Using AI on patents

August 7, 2018

This article was contributed by Andy Oram

Software patents account for more than half of all utility patents granted in the US over the past few years. Clearly, many companies see these patents as a way to fortune and growth, even while software patents are hated by many people working in the free and open-source movements. The field of patenting has now joined the onward march of artificial intelligence. This was the topic of a talk at OSCON 2018 by Van Lindberg, an intellectual-property lawyer, board member and general counsel for the Python Software Foundation, and author of the book Intellectual Property and Open Source. The disruption presented by deep learning ranges from modest enhancements that have already been exploited—making searches for prior art easier—to harbingers of automatic patent generation in the future.

Automating drudgery

For the past couple decades, lawyers have been gradually automating searches through patents, as has already been done with case law. Paying a human patent hunter—a job category all its own—to find prior art that can overturn a patent costs $5,000 to $10,000. As Lindberg said: "It's miserable when people have to do a computer's work." Searching patents presents different challenges from court rulings, but patents have structural similarities that help overcome these challenges.

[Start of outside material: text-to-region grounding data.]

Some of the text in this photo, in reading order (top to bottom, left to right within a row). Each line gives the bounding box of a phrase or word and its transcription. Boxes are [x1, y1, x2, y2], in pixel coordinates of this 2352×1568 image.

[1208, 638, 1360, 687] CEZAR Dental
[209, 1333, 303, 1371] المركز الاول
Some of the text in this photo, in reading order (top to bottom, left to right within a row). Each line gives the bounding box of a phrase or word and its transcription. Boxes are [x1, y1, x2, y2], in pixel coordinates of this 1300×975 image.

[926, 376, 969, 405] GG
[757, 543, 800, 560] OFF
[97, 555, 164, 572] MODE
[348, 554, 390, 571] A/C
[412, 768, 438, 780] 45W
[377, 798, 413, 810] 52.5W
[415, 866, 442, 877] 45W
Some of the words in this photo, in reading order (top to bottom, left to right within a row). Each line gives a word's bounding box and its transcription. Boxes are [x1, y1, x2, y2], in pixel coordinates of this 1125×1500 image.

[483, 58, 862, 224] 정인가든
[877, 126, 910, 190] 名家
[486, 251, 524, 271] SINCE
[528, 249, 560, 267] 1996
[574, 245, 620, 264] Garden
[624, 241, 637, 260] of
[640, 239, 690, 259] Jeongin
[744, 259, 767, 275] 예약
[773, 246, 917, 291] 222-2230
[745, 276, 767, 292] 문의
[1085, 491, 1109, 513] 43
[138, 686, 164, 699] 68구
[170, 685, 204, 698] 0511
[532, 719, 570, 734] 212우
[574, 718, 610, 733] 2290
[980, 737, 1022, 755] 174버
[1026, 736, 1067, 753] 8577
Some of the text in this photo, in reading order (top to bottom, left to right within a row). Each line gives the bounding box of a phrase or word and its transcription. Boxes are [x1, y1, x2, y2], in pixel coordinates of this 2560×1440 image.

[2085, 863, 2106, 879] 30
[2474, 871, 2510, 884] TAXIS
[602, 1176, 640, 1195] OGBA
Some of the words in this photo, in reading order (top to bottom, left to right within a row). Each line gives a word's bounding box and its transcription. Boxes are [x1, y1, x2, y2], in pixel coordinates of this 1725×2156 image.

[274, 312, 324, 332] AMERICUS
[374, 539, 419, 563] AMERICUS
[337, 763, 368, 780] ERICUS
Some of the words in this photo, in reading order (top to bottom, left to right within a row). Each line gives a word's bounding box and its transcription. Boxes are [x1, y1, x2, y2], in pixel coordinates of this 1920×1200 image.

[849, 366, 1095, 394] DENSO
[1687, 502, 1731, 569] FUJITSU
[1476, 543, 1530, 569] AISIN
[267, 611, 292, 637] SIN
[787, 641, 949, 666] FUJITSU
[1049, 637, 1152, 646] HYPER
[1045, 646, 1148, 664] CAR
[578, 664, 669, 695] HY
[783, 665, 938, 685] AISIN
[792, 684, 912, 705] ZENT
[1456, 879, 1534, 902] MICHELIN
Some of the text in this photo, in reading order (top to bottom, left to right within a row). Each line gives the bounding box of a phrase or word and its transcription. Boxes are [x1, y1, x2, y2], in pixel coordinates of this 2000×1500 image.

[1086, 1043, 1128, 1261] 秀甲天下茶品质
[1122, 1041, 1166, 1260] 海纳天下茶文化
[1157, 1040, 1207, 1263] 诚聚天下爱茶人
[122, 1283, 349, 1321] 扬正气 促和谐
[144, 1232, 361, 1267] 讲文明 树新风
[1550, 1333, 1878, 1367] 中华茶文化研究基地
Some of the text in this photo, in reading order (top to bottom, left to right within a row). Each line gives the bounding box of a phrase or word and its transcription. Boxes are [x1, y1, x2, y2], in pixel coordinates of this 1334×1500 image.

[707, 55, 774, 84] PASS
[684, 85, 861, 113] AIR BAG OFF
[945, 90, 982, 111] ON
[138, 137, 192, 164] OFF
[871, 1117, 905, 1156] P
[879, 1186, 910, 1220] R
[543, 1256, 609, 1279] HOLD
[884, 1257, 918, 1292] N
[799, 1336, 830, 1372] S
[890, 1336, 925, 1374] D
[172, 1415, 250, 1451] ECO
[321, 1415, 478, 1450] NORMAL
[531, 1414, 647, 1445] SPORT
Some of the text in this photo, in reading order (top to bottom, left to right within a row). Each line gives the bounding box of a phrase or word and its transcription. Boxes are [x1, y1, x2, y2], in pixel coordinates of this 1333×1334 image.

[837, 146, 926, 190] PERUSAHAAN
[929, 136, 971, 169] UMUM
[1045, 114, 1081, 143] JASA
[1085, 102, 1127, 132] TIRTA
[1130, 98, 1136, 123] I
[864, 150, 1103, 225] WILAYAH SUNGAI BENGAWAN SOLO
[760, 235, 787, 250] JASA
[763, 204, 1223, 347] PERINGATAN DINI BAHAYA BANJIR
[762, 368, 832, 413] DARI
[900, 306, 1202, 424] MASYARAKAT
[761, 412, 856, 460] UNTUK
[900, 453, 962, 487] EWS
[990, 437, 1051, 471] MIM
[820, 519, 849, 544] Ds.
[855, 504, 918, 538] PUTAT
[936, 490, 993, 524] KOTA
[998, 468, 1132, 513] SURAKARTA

The main twist that make patents harder to search than other types of legal documents springs from the tendency patent filers have to invent idiosyncratic terminology. To grant them some slack, we can acknowledge that a patent is supposed to introduce something new into the world, so how can you use old terminology to describe something novel? But, in reality, many patent filers deliberately use oddball terms for processes that could be described in more recognizable, everyday language. In other words, because a patent has to be novel, the filer may distort the language to emphasize the novelty of the device or process.

How can deep learning enhance the search for prior art? Lindberg said that natural language processing (NLP) can create indexes of terms. Then, as search databases created by tools such as Lucene do, these indexes can be queried to find which terms seem to be associated with others. NLP can do this through a variety of algorithms involving how often each term appears, how closely together two terms appear in the text, and so on. Algorithms can create graphs for patent documents and find similarities among patents, in ways similar to how social scientists create graphs of human networks and figure out who is close to whom; that is how Facebook and LinkedIn can suggest people you may want to connect with.

If deep learning turns up two patent applications where terms appear to be used in similar ways—appearing in the same relationship to other common words—it may indicate that the idiosyncratic term in a new patent application is just a synonym for a standard term in an existing patent. And that may indicate prior art that can be used to deny a patent application or overturn a patent that was already granted on the basis that it's not novel.

Improvements offered by structural work

As partial compensation for the impenetrability of patent language, patent descriptions have a predictable structure: summary, claims, etc. The descriptions are almost always rich with figures that bear labels with useful keywords. Lindberg said that these figures provide a valuable resource for data mining.

He said that, up until the past few years, the hardest part of deep learning for prior-art searches was getting clean, usable data. (This is true for many applications of AI.) He said it could take six months to scrape the patent office's site and run standard analysis such as lemmatization (a fancy word for stemming, such as finding the common stem in "person", "impersonal", and even "people") to produce a good index.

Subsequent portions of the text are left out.